Incrementality: One trick Cowie’s team uses to ease people is to start with very simple activities and incrementally give prompts and directions that will make participants take bigger risks. “Depending on how resistant a group or a person is, the more incremental you need to be,” she explains, starting with something easy. For instance, she says, when working with “professors, who like to talk, you start with the talking and storytelling forms and you might expand that a little more, a little more . . . and then maybe introduce a little bit of movement.” This concept of incrementality, she says, is “about breaking these big ideas or these big moments into smaller chunks so that they seem a little more attainable” and can be transposed to multiple contexts to work with resistant learners.  
 
Letting go: Cowie also admits that sometimes their work just doesn’t fit certain learners. But, she says, “That’s OK. That’s where they’re at, and it doesn’t have to be for everyone.” Scott agrees. Some of his programs aren’t a good fit for some people. Yet, he notes, often those who are most resistant at first grow the most through their experiences. Indeed, there’s a fine balance to find between encouraging participants to “stick with it” and letting them go. 

 
“Diploma disease” 

Learners are sometimes more obsessed with the idea of “getting a diploma” than with the pleasure of learning. As Munir Fasheh, wise elder of the Ecoversities Alliance, puts it, for some students “the only reason they go [to programs] is to get the certificate . . . because that’s the only thing [in which] they see value now.” On this note, Brumă Tristan reports on his visit to Swaraj University that “not only [does Swaraj not] have diplomas, but they playfully provoke the idea with a national campaign titled ‘healing ourselves from the ‘diploma disease.’”  

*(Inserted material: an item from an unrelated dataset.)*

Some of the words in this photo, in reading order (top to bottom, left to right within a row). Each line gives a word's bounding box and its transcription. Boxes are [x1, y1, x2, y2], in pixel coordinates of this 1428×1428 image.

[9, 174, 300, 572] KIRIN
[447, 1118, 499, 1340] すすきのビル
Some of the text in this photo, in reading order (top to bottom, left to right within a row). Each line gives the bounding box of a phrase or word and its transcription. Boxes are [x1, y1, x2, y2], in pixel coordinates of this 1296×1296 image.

There are numerous reasons to offer cures for diploma disease. Diplomas tend to nurture extrinsic motivation instead of intrinsic motivation to learn. They are often linked to grading processes that insidiously promote competition over collaboration. To offer internationally recognized degrees, there’s a risk of falling into the homogenization trap that is an unintended consequence of widespread accreditation processes.  

The simple solution is to not offer diplomas, like Swaraj, but this sometimes makes it harder to attract resources such as financial support from governments and can make it harder to recruit participants, especially for extended programs.  

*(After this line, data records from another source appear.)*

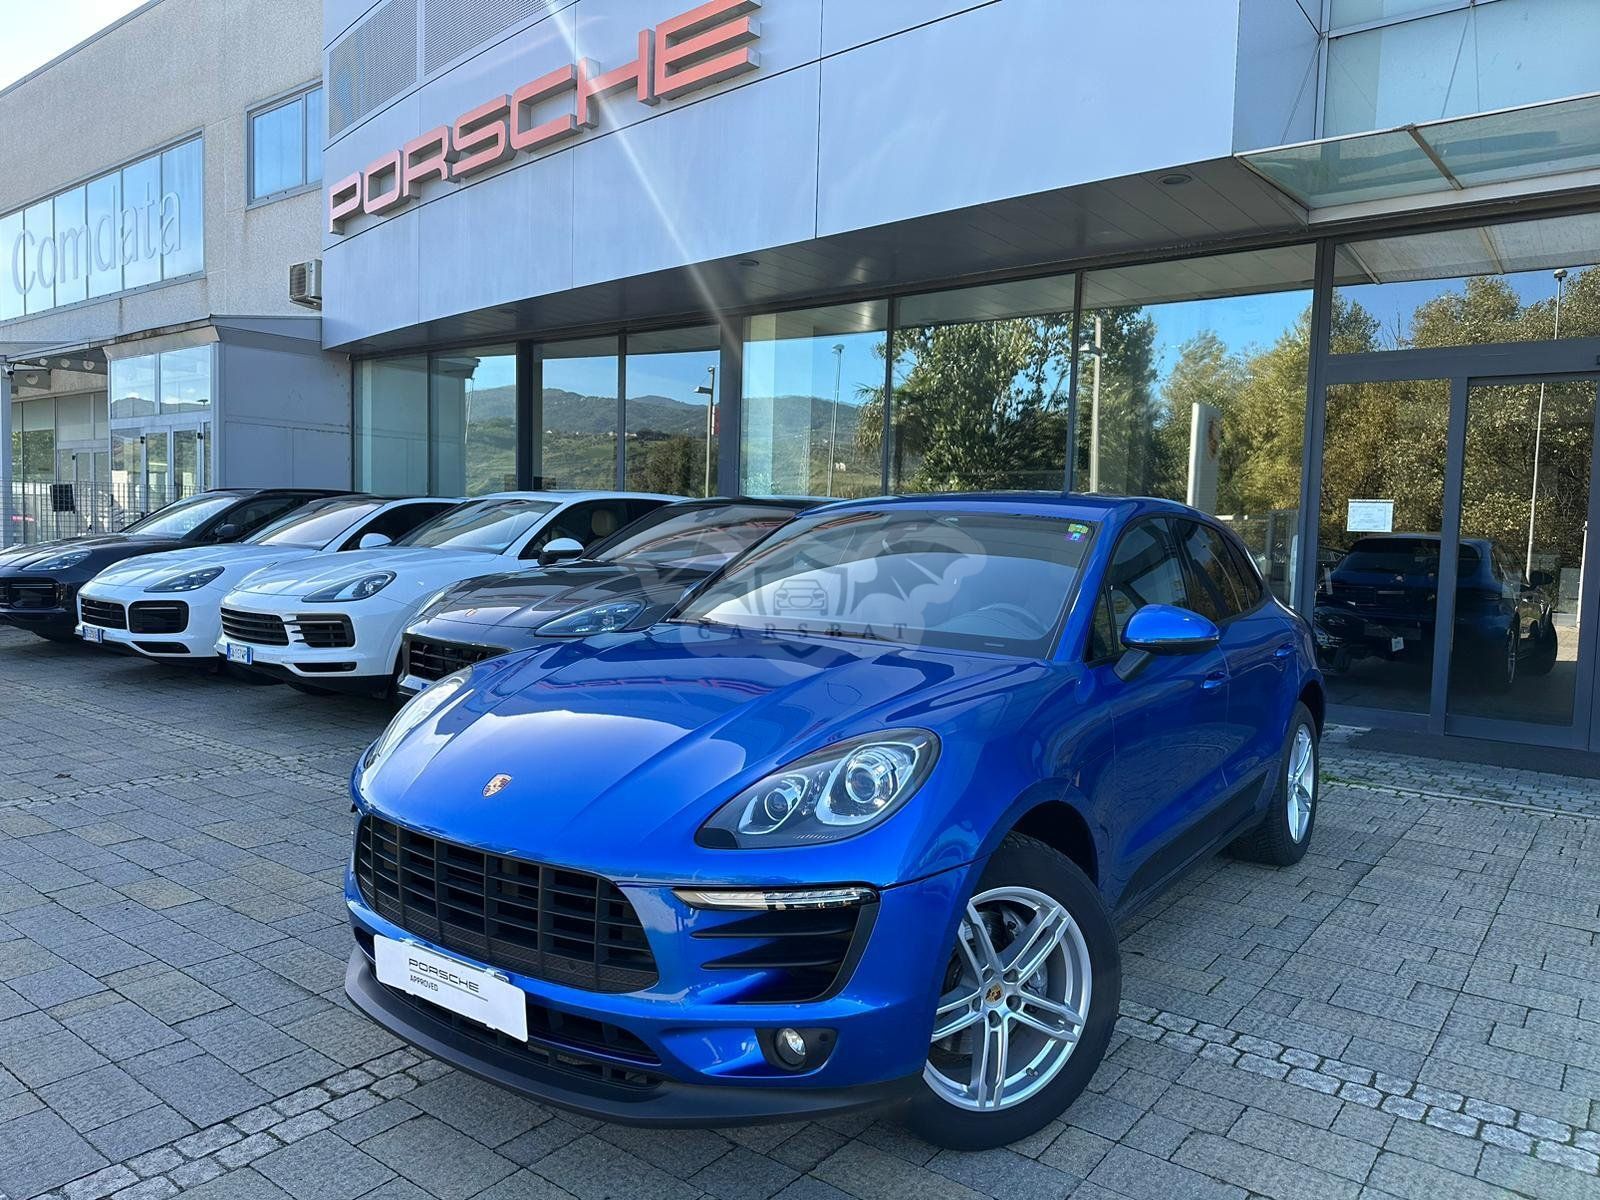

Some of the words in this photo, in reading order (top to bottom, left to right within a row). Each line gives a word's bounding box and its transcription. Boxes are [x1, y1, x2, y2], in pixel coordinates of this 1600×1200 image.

[328, 0, 761, 234] PORSCHE
[12, 181, 181, 296] Comdata
[408, 957, 480, 993] PORSCHE
[410, 974, 439, 992] APPROVED
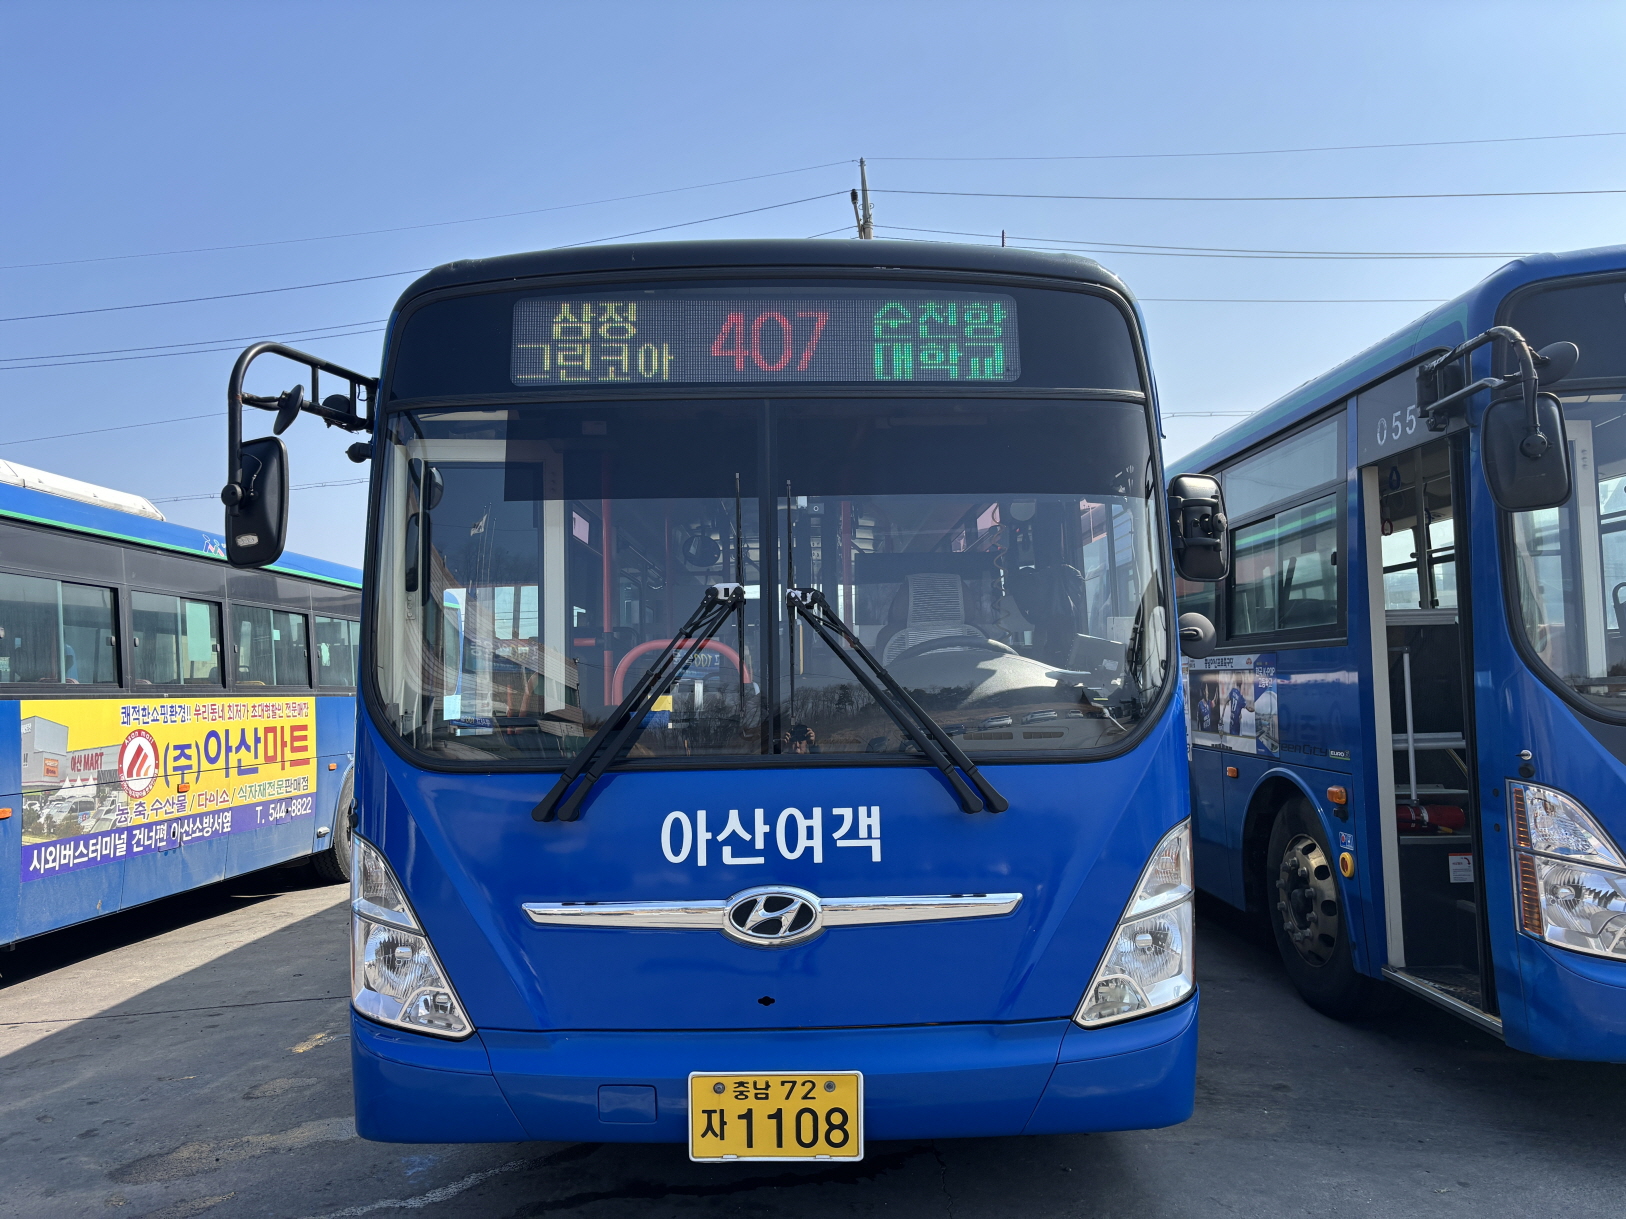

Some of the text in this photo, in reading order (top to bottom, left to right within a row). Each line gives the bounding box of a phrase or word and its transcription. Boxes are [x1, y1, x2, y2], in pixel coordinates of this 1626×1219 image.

[553, 302, 637, 340] 삼정
[874, 302, 1007, 339] 순천향
[711, 312, 829, 372] 407
[874, 342, 1004, 380] 대학교
[516, 342, 674, 381] 그린코아
[193, 703, 225, 722] 우리동네
[227, 702, 249, 720] 최저가
[251, 702, 284, 719] 초대형할인
[83, 752, 104, 771] MART
[197, 789, 230, 809] 다이소
[29, 830, 128, 874] 시외버스터미널
[131, 822, 168, 853] 건너편
[170, 811, 232, 844] 아산소방서옆
[268, 797, 312, 821] 544-8822
[660, 805, 882, 867] 아산여객
[732, 1079, 817, 1101] 충남 72

Getting accredited: Josefina Guzmán Días explained how her team at the Centro de Investigaciones y Estudios Transmodernos really didn’t want to get accredited to give official diplomas, yet their learners were always asking for them to do so. Many years after their founding, the team finally took the accreditation route, thinking it might serve their learning community. Their team was surprised the Mexican government accepted their proposal for a transparadigmatic program for health professionals without requesting any major changes, and their programs will soon be accredited.  

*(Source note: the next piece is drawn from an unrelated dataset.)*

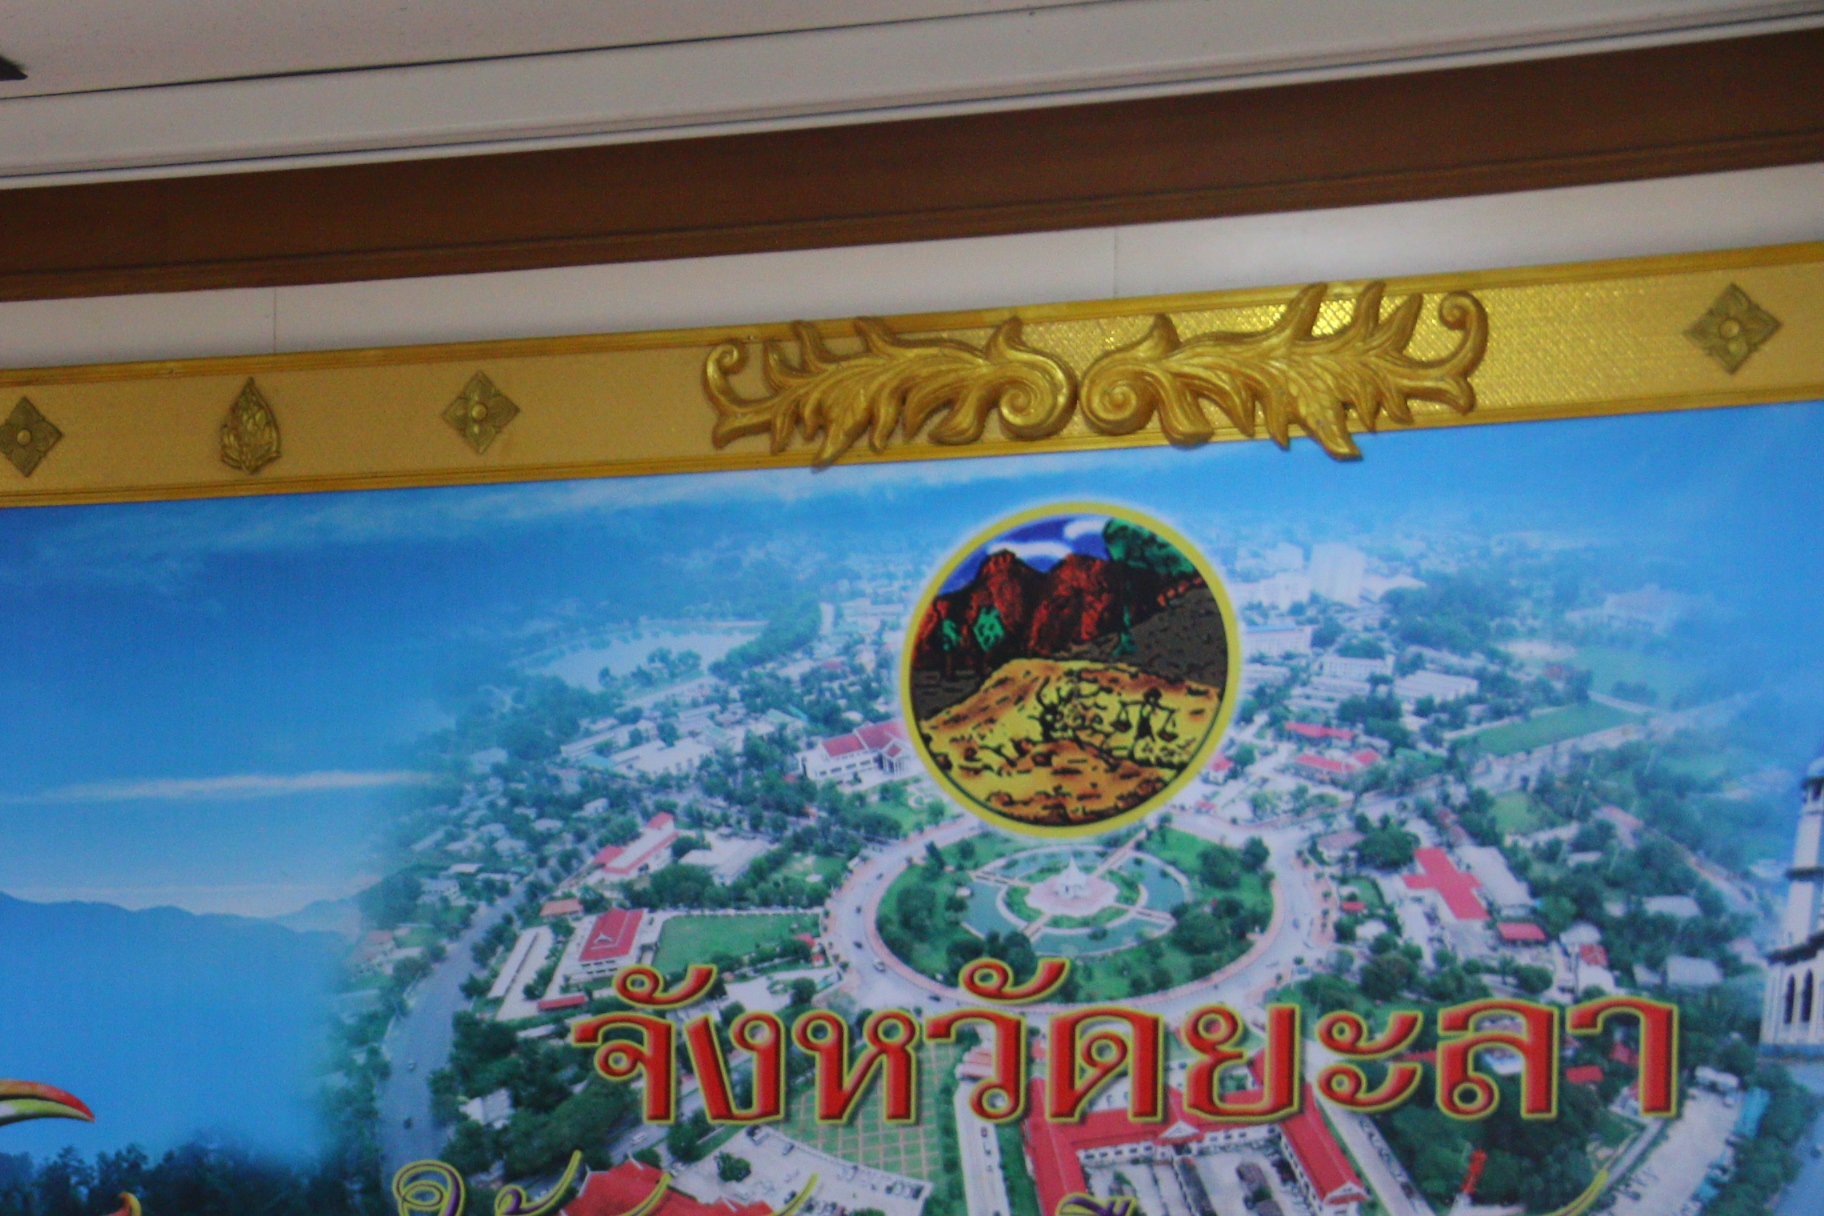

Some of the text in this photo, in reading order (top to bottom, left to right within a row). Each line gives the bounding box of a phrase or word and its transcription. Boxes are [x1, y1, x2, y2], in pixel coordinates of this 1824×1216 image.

Alternatives to diplomas: Beyond giving diplomas, there are many creative ways to recognize learners’ accomplishments upon completion of their programs. At the end of the Arts and Social Program at InterPlay, Cowie says, there is a big “playful” graduation ceremony during which participants’ accomplishments are celebrated through songs, rituals, and performances. During the event the facilitators give each participant an uplifting, playful, half-gibberish/half-English speech about the lessons they are invited to carry forward. This is just one example among many other practices that honor learners’ development in a spirit of community. 

Decolonizing our minds 

Another struggle that many ecoversities face is around decolonizing minds. Mandel and Amaro explain decolonization as “an invitation to address, explore, and unlearn the dimensions of oppression, power, and privilege that are part of our own lives, relations, tools, structures, histories, and beliefs.” This invitation is challenging, as it frequently involves recognizing one’s complicity in social and environmental acts of violence — as in, for instance, acknowledging that the batteries in our phones, cameras, and cars may well be linked to deforestation and expropriation of land by extractive industries. This invitation challenges learners to unlearn/deconstruct/disinvest beliefs and habits that are often deeply rooted in their identity.  

This notion of unlearning is central in some ecoversities like Swaraj University, writes Brumă: “Unlearning to overvalue institutionalized knowledge, to be controlled by your fears around money, to consume more than you need, to eat junk food, to produce waste, to undervalue the small . . . becomes the central means for young people to free their imaginations, create their place in the world, and give birth to a more just, sustainable, and beautiful world.” Yet this unlearning work is extremely complex and often met with lots of resistance. Furthermore, it’s not just challenging for participants, but it can also be one of the biggest struggles for organizing teams, as we’ll see next.   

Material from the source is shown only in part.